Its outer surface of the split ring 10 is mated with the inner surface of the housing 1. Its upper end surface of the aforementioned split ring 10 rests on the shoulder 11 of the housing 1 and the lower end surface is STU - on rubber-metal buffer 12, which in turn is in contact with the upper end of the guide sleeve 13, mounted stationary in the housing 1 by means of the outer sleeve 14 and the fingers 15.
An example of the apparatus for impact action, in which the surface of the groove 6 of the tool 5 has the shape of a polyhedron, coupled with the similar surface of the split ring 10, as shown in figure 2. The number of faces can be three or more (in the limit - circle).
In addition, in this case on the outer surface of each of the two halves 101and 102the ring 10 is made of longitudinal grooves connected with the pins 16, fixed in the housing 1. This attachment eliminates the rotating tool 5 peaks around its axis during operation. This is necessary if the working part of the tool is made in the form of a wedge or shovels.

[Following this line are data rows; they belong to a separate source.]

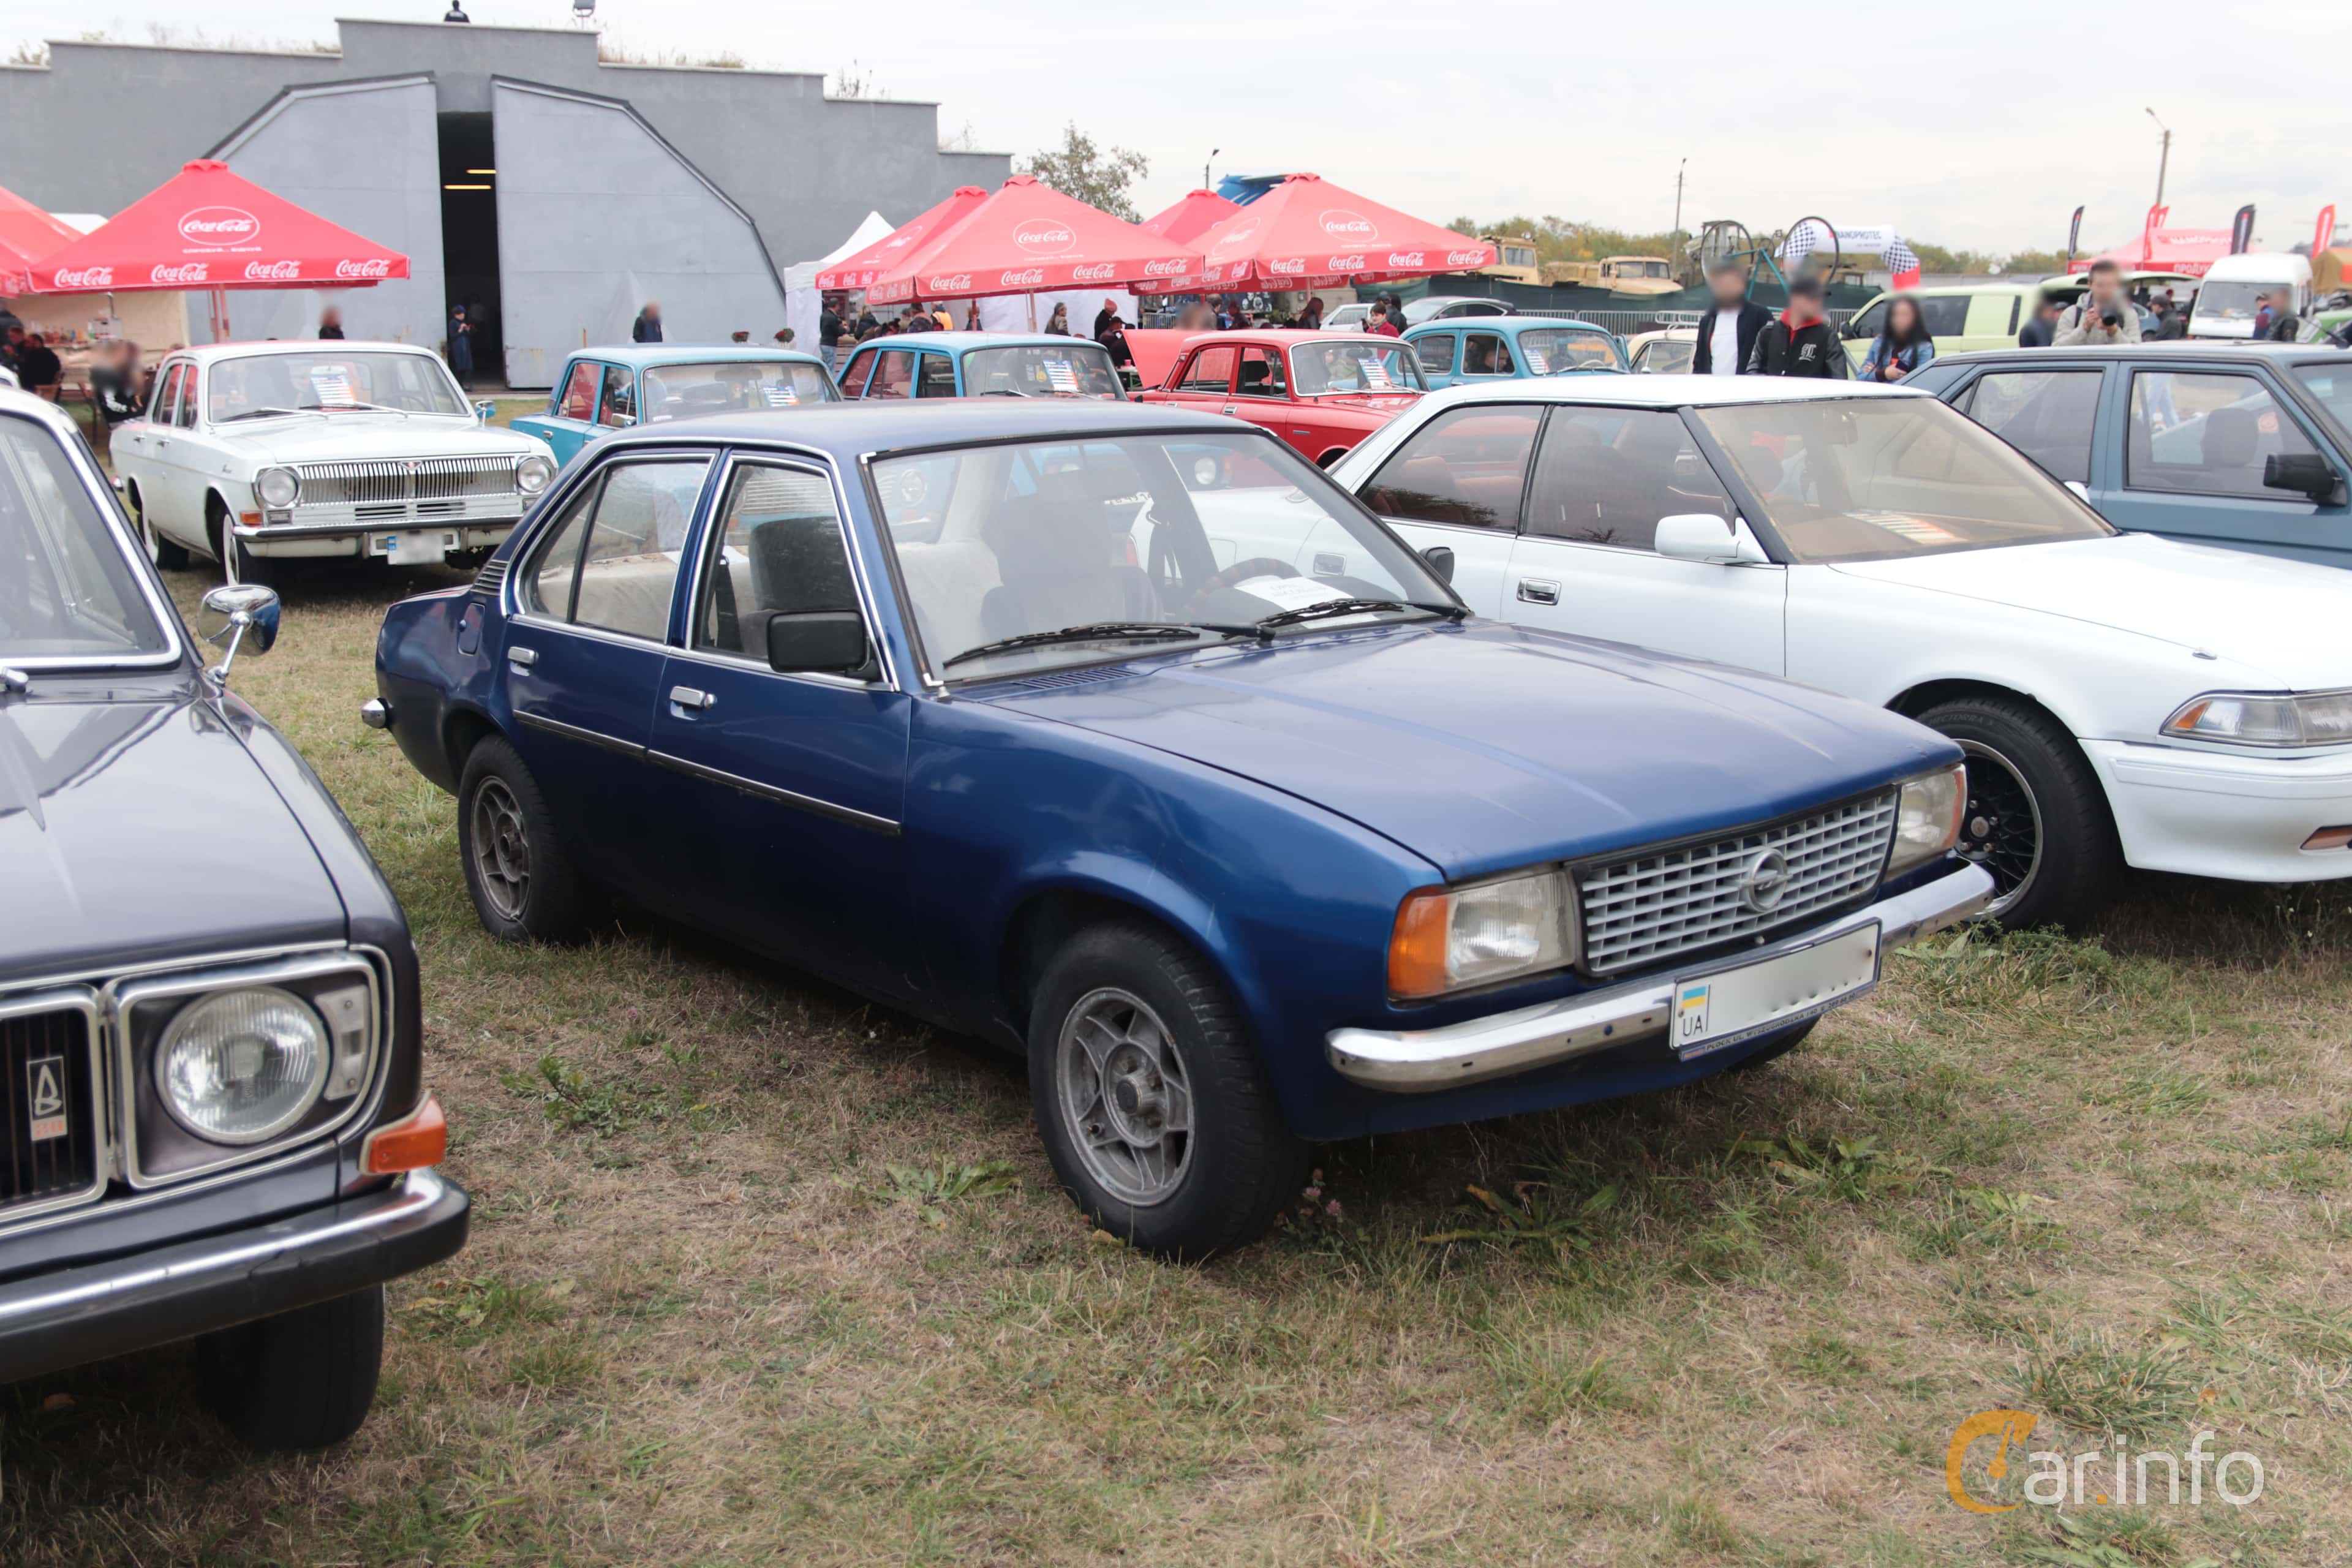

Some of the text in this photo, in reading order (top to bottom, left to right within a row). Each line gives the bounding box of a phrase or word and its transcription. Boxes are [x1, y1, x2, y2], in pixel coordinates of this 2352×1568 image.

[1144, 258, 1188, 275] Coca-Cola
[1270, 258, 1306, 274] Coca-Cola
[1329, 255, 1366, 271] Coca-Cola
[1388, 252, 1425, 267] Coca-Cola
[1447, 250, 1485, 265] Coca-Cola
[151, 263, 209, 283] Coca-Cola
[244, 260, 302, 279] Coca-Cola
[336, 258, 391, 277] Coca-Cola
[1073, 263, 1117, 281] Coca-Cola
[54, 266, 114, 288] Coca-Cola
[930, 274, 973, 292] Coca-Cola
[1001, 268, 1044, 286] Coca-Cola
[1683, 1014, 1703, 1036] UA

The device operates as follows. In the initial position of the lower end of the tool - peaks rests on the surface of the processed material, such as rocks. The lower end surface 9 of the ring groove 6 is in contact with the split ring 10, which rests on the shoulder 11 of the housing 1.
When working stroke (downward movement) of the piston-drummer 2 at the end of its stroke strikes the tool - peak 5. Under the action of the punch tool - peak 5 is moved along the axis down, somnogenic penetrating into the material being processed. The magnitude of this movement (introduction) 1 depends on the strength (strength) of the processed material and usually does not exceed the value of L, is equal to the difference of the width of the annular groove 6 and the ring 10, i.e. L=C-D, where C is the width of the annular groove, and D is the thickness of the split ring. This means that the impact energy is extinguished on the way 1<L.

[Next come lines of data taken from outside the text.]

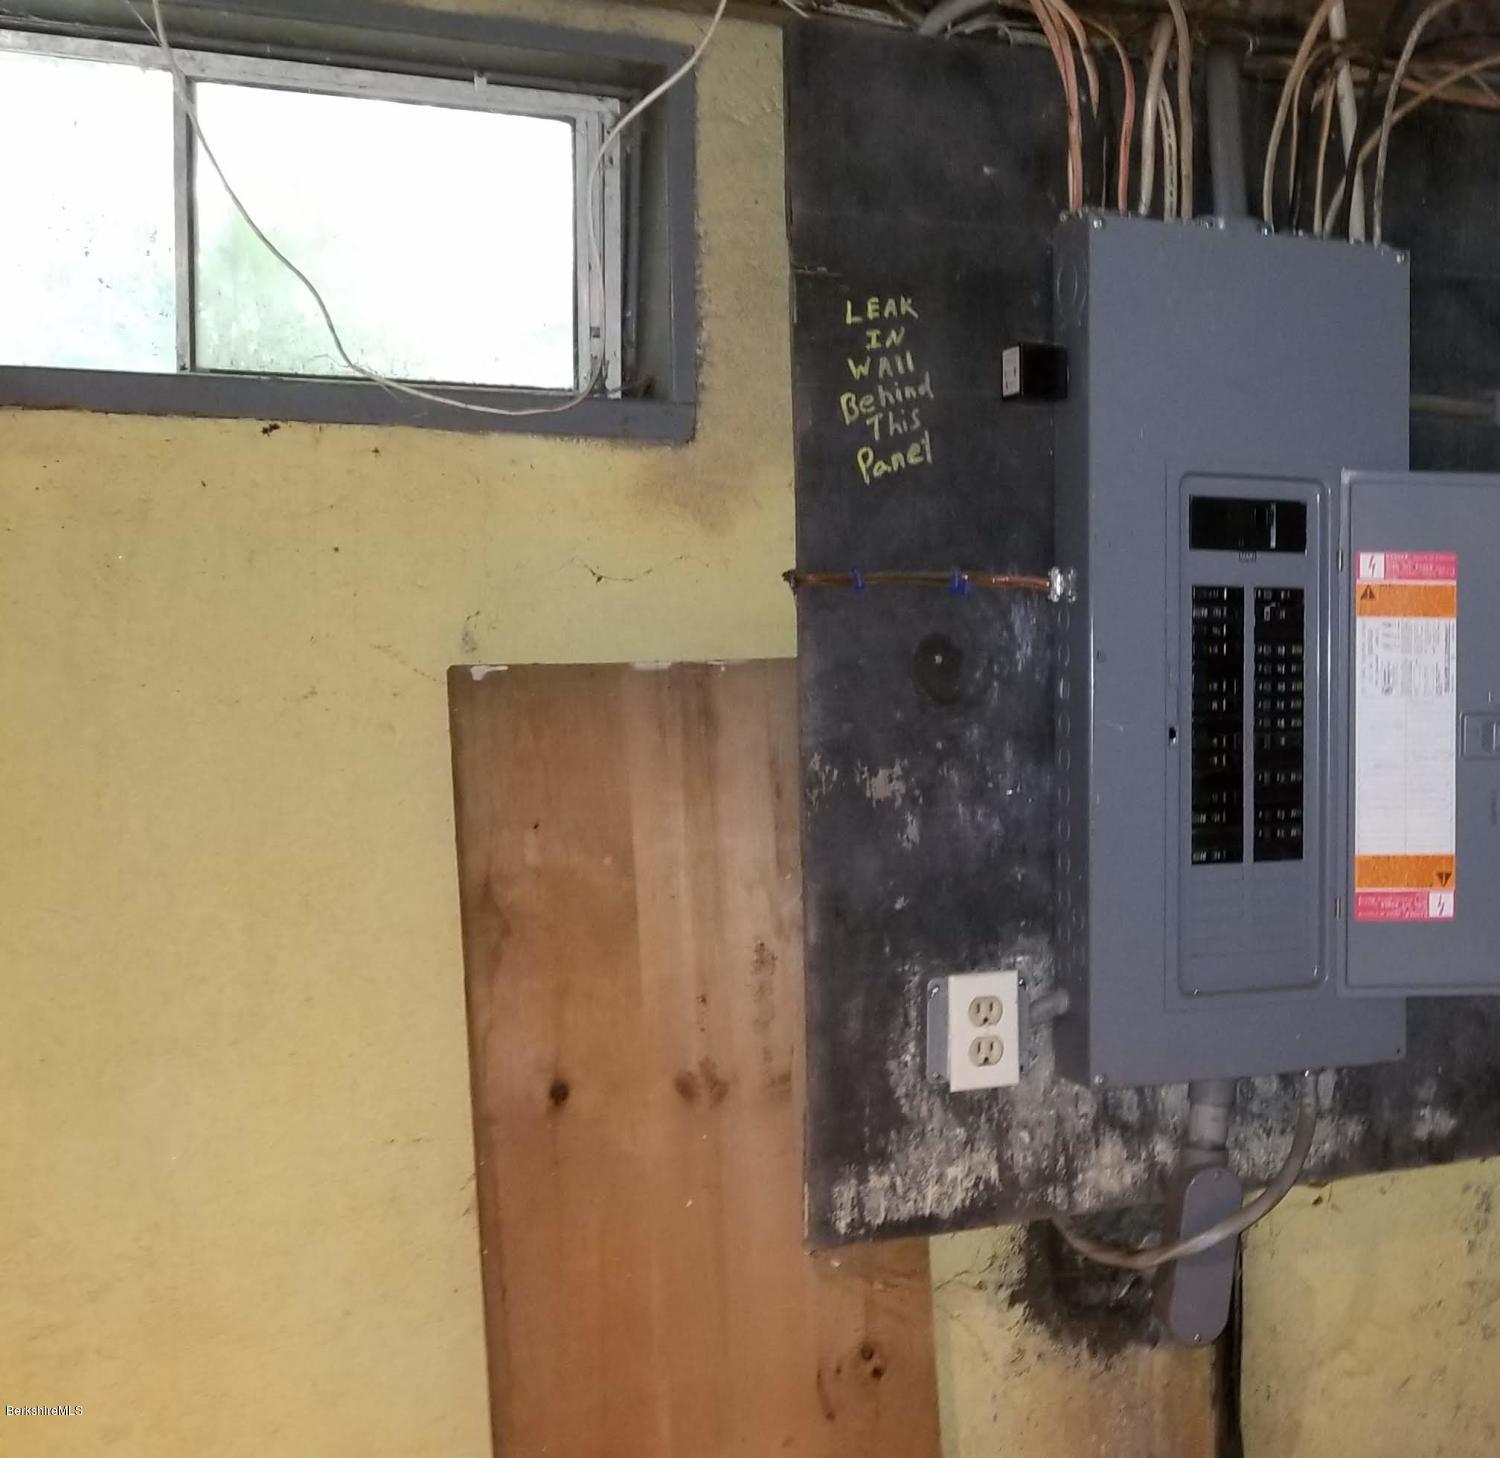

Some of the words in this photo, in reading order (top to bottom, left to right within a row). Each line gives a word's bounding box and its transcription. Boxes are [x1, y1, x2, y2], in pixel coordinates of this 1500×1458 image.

[846, 296, 919, 324] LEAK
[865, 326, 905, 350] IN
[840, 371, 934, 425] Behind
[866, 408, 921, 441] This
[857, 430, 933, 485] Panel

During operation of the impact device is constantly pressed against destructible material, providing contact the lower end surface 9 of the ring groove 6 to the split ring 10.
If handled too weak material, the impact energy on the way of implementing equal to L, not hitting, and tool - peak 5 after contact of the upper end surface 8 of the annular grooves 6 split ring 10 continues to move down, deforming the rubber-metal buffer 12 and thereby stermaria tool - peak 5. This limits the peak load on the body 1 of the device.
And, finally, a possible case of "pure shot" or idle stroke when the stroke tool - peak 5 does not concern the processed material. In this case, all the impact energy is extinguished due to the deformation of the rubber-metal buffer 12.
The percussion device made according to the invention, has a more durable tool with a minimum consumption of material, and such is the position in the tool and the clamping minimal even at idle impacts ("pure shot"), which improves the reliability of the device, to simplify its operation and reduce the cost.
1. The percussion device, comprising a housing, the inner bore with the possibility of longitudinal movement are piston-drummer and coaxially with it tool (peak), characterized in that the shank of the tool in its upper part is made annular groove, with the lateral surface of which involves covering the split tool is limited movable along the axis of the ring, while its outer surface conjugate with the surface, the thickness of the said ring is less than the width of the said grooves, and its lower end surface is in constant contact with the upper end of the covering instrument rubber-metal buffer, which its bottom end is constantly exposed to annular ledge formed on the inner side of the case.
2. The device according to claim 1, characterized in that the cross-section of the tool shank in the groove and mating with the surface of the split ring are in the form of a circle or polygon with number of sides three or more, and on the outer surface of each of the two halves of the said ring is made of at least one longitudinal groove, the side surfaces of which are associated with key, NEPAD is tenderly fixed in the case.
FIELD: mining, particularly well drilling methods and devices, namely drilling by use of heat, flame drilling.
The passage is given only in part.